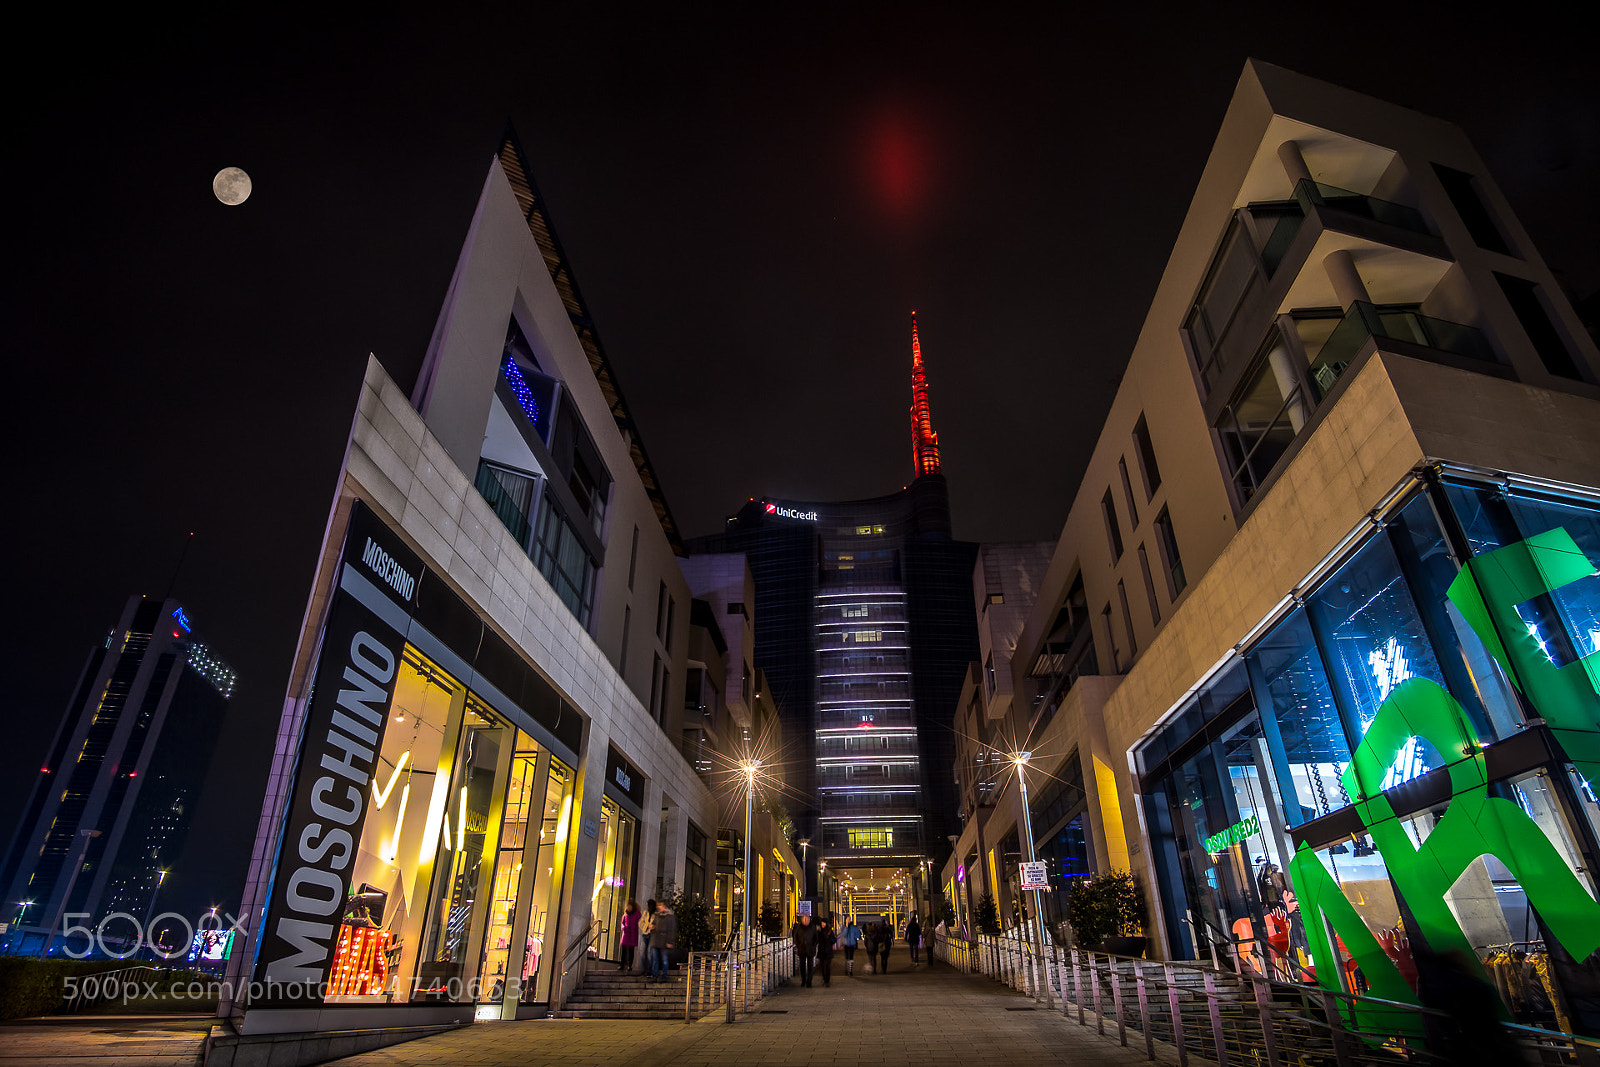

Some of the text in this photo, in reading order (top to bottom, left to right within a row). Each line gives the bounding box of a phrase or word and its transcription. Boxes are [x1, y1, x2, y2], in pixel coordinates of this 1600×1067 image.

[776, 506, 818, 520] UniCredit
[362, 536, 414, 601] MOSCHINO
[265, 631, 395, 984] MOSCHINO
[1205, 815, 1260, 855] DSQUARED2
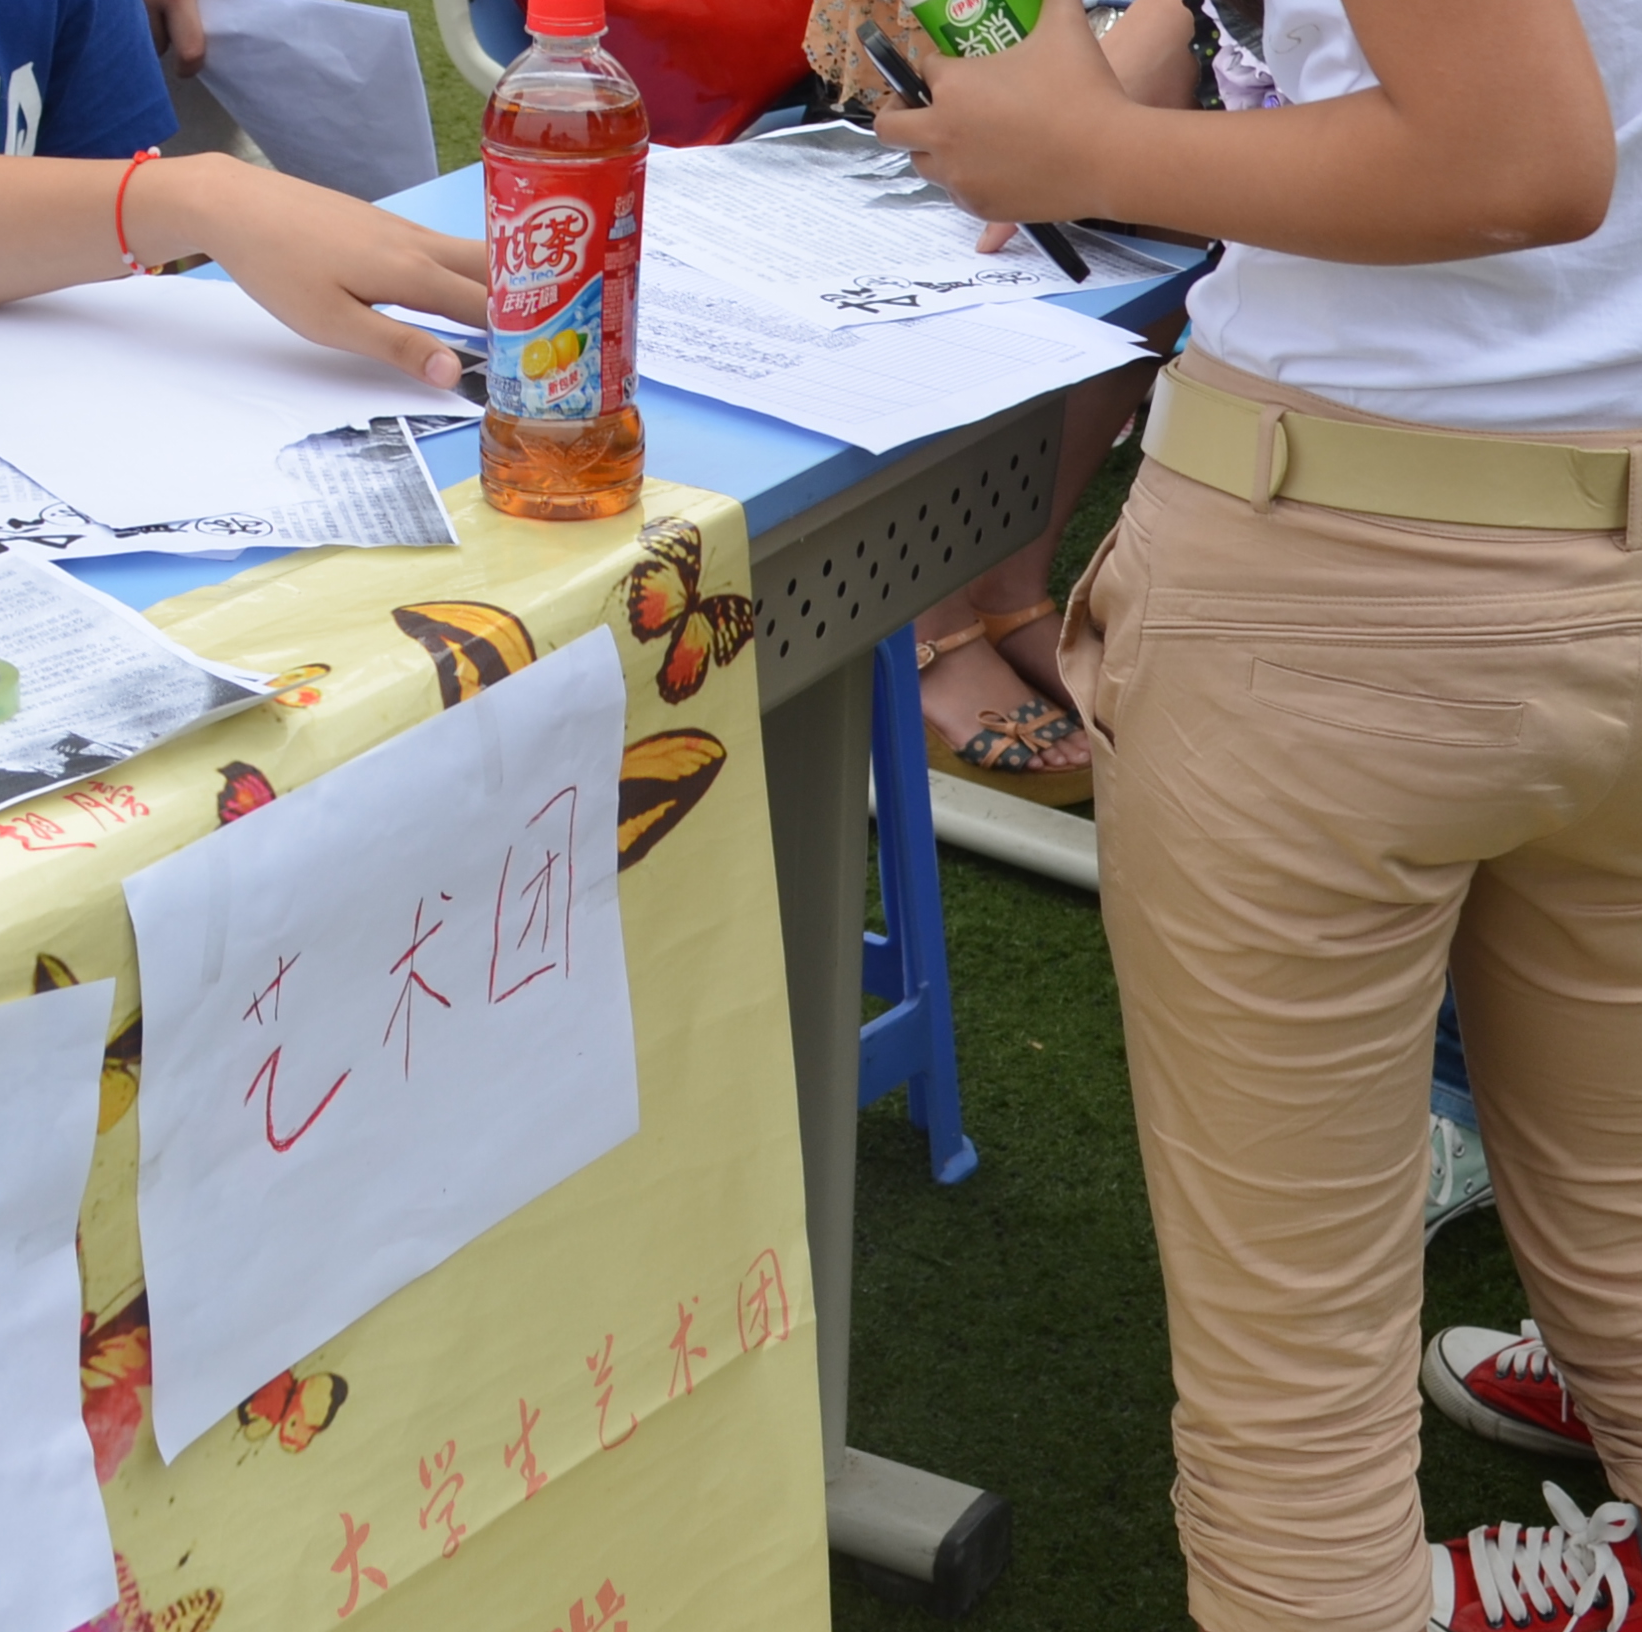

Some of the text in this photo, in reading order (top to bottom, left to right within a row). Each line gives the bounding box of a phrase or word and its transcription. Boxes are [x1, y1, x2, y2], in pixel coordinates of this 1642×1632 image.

[508, 276, 527, 286] Ice
[243, 784, 577, 1153] 艺术团
[330, 1248, 791, 1619] 大学生艺术团

-------

*TASK REQUIREMENTS:* Give the listing again word for word. Skip every image.

*SOLVED PROBLEM:*
Some of the text in this photo, in reading order (top to bottom, left to right within a row). Each line gives the bounding box of a phrase or word and its transcription. Boxes are [x1, y1, x2, y2], in pixel coordinates of this 1600×1067 image.

[776, 506, 818, 520] UniCredit
[362, 536, 414, 601] MOSCHINO
[265, 631, 395, 984] MOSCHINO
[1205, 815, 1260, 855] DSQUARED2

Some of the text in this photo, in reading order (top to bottom, left to right within a row). Each line gives the bounding box of a phrase or word and its transcription. Boxes are [x1, y1, x2, y2], in pixel coordinates of this 1642×1632 image.

[508, 276, 527, 286] Ice
[243, 784, 577, 1153] 艺术团
[330, 1248, 791, 1619] 大学生艺术团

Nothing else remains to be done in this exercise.